18+
Полёты в фазе быстрого сна

Бесплатный фрагмент - Полёты в фазе быстрого сна

Рассказы

Борис Викторович Сударушкин

Арсик-джан

На четвертый день я стал бояться встреч с ним и даже пытался перенести время обходов на обеденные часы. Но это было бесполезно… Известий о маме он ждал именно от меня — а известий, увы, не было. У сестер и нянечек, ласково называвших его Арсик-джан, он никогда ничего не спрашивал, но мое появление в палате или в госпитальном коридоре моментально возвращало его в тревожное состояние.


Я понимал, что это было связано с тем, что из всех окружавших его в этой незнакомой обстановке людей, я был самым близким, так как сопровождал его еще с самолета, то есть с самого Еревана. Я знал о нем больше всех остальных и был единственной связующей нитью, казавшейся ему протянутой отсюда домой, в то время, в котором он жил вместе с мамой, тогда, до землетрясения…


Фланелевая пижамка желтого цвета с огромными розовыми цветами была ему велика и во время вечернего обхода, введенного помимо всех правил для пострадавших детей, он беспомощно стоял в ней на своей кровати с немым вопросом в огромных глазах.


Так или иначе, но я решил, что надо мягко и аккуратно начать готовить его к худшему… Случай представился сразу-же. Когда в очередной раз он подошел ко мне в коридоре, я, попытавшись улыбнуться ему, сказал:


— Арсик-джан, а ты читать умеешь?


— Немножко, — ответил он и поднял правую ручку со сжатыми большим и указательным пальчиками как-бы показывая как «совсем чуть-чуть» он умеет читать.


— А пойдем-ка ко мне в кабинет, я тебе дам книжку про доктора Айболита.


Арсик был счастлив этим вниманием. Он не заметил пролетевшей над ним тени беды, которая так часто сопровождает особое внимание воспитателей, врачей и психологов…


Получив от меня книгу с картинками, он вдруг застеснялся и чуть слышно прошептал:


— Спасибо…


Было видно как загорелись нетерпением его глазки и порозовели щечки при виде подарка с яркими и интересными рисунками. Я было подумал, что сумел отвлечь мальчика от воспоминаний и, возможно, все обойдется без особых хлопот, но… уже взявшись за ручку двери, он, вдруг будто вспомнив о чем-то, повернул ко мне неожиданно испуганное лицо:


— А это мне мама книжку передала?


— Нет, Арсик-джан, твоя мама тоже… в больнице. Как и ты. Ей не разрешают пока ходить, — неожиданно для самого себя соврал я, — Это подарок от меня, чтобы ты, прочитав про доктора Айболита, сам захотел стать врачом и лечил-бы маму когда вырастешь…

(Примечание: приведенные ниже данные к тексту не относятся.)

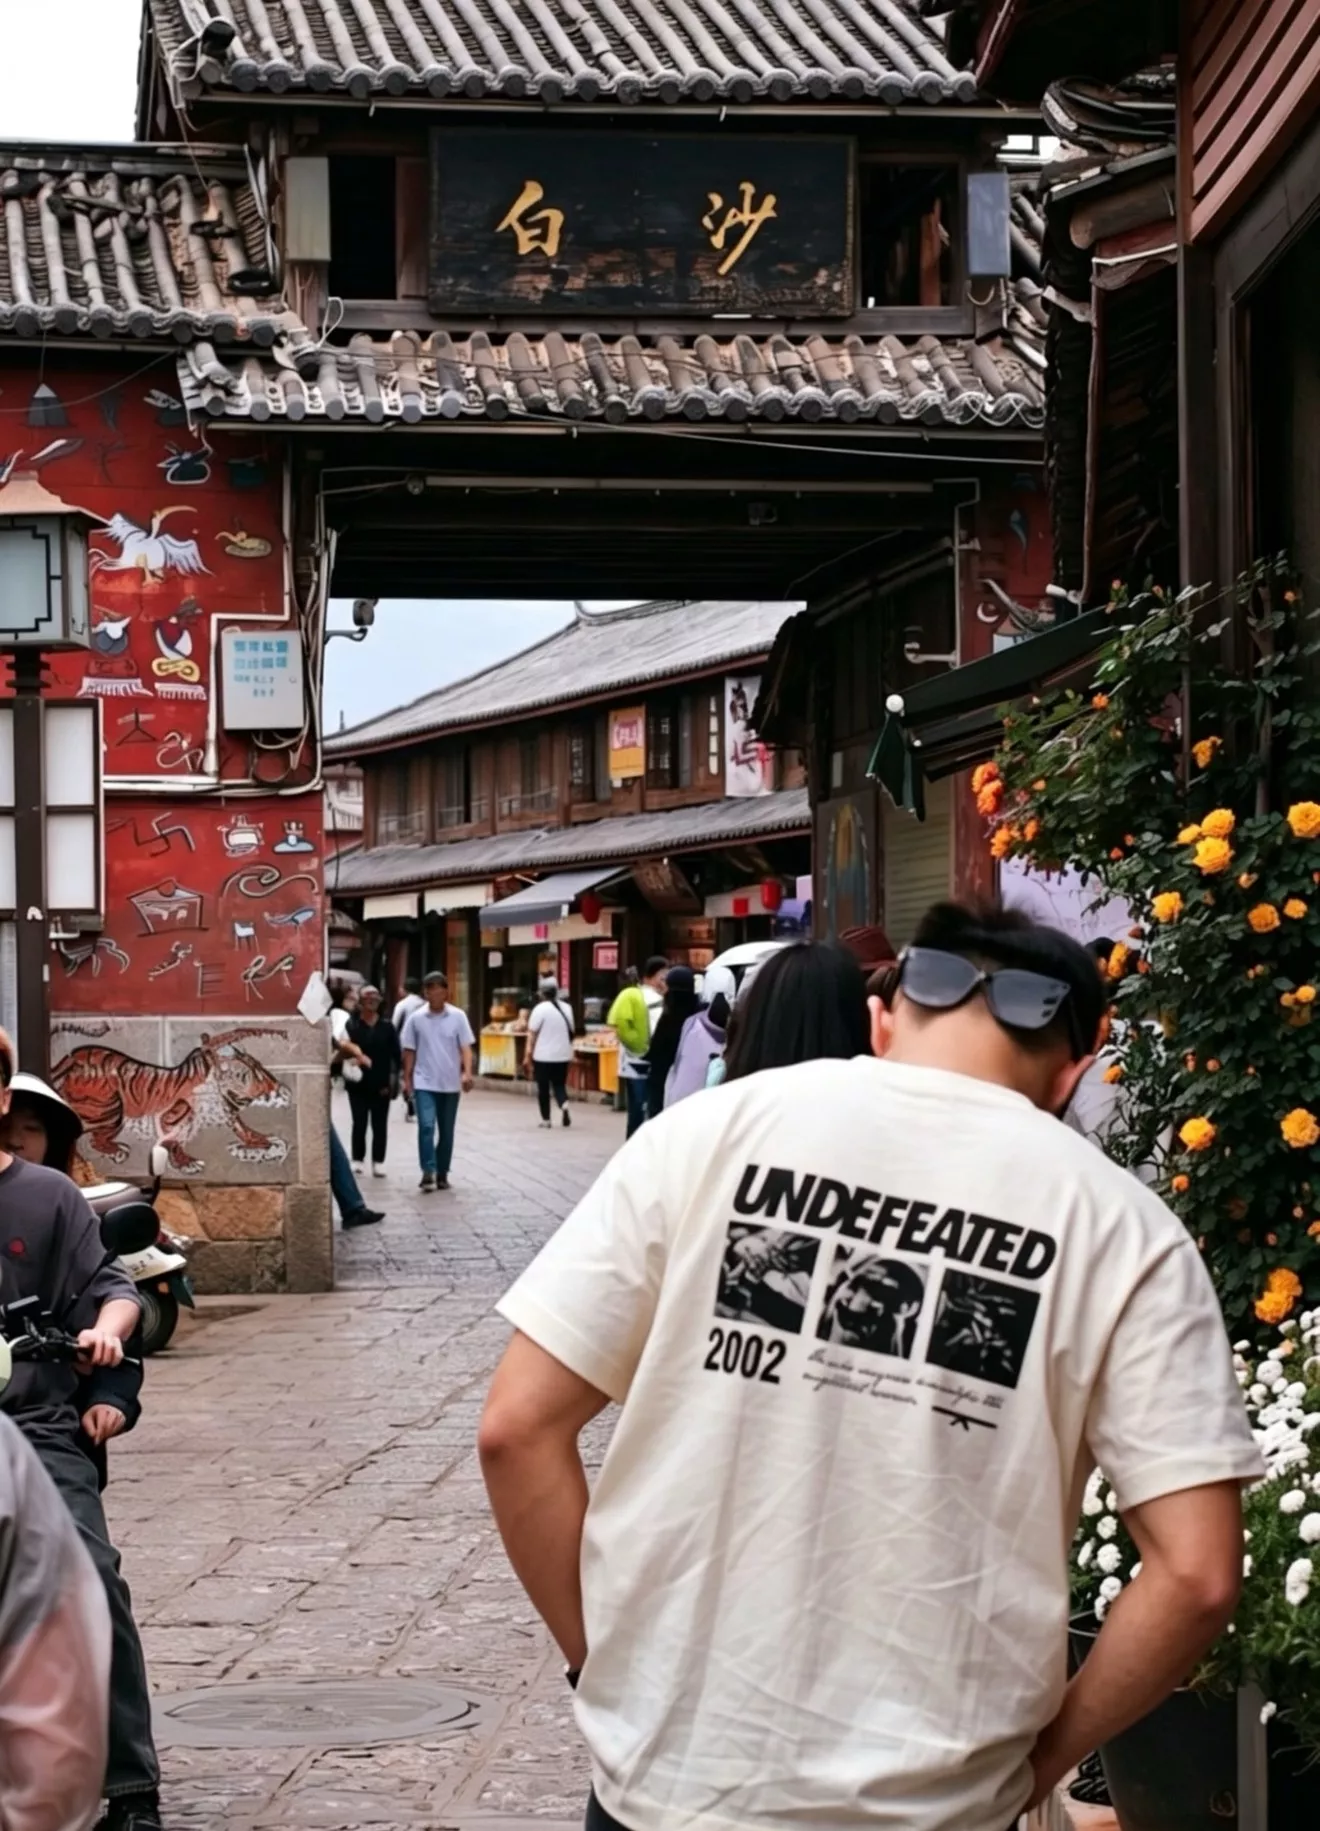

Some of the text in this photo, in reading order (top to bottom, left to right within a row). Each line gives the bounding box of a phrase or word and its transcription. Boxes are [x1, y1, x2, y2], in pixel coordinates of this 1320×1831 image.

Я замолчал, боясь как бы эти слова не оказались слишком страшны для него…

Но Арсик все воспринял спокойно. Не зная что ответить, он, как это часто делают дети, закусив от смущения нижнюю губку и опустив глаза долу, выскользнул в коридор и побежал в палату.


— 2-


Следующий день оказался предпоследним в той командировке. Была уже середина декабря и в пансионат привезли большую ёлку для детей. Её поставили в столовой и сестры принялись развешивать на зеленые ветки бумажные игрушки, серпантин, пластмассовые звезды, вымпелы и блестящие разноцветные шары.


Дети бегали вокруг ёлки и, стараясь опередить друг друга, просили повесить зайчика рядом с мишкой, а лисичку рядом с Красной шапочкой. Иногда взрослые вешали игрушку не туда и дети с самым серьезным видом, хором и наперебой, кричали стоящей на раскладной лестнице девушке, куда лучше перевесить волка или птичку.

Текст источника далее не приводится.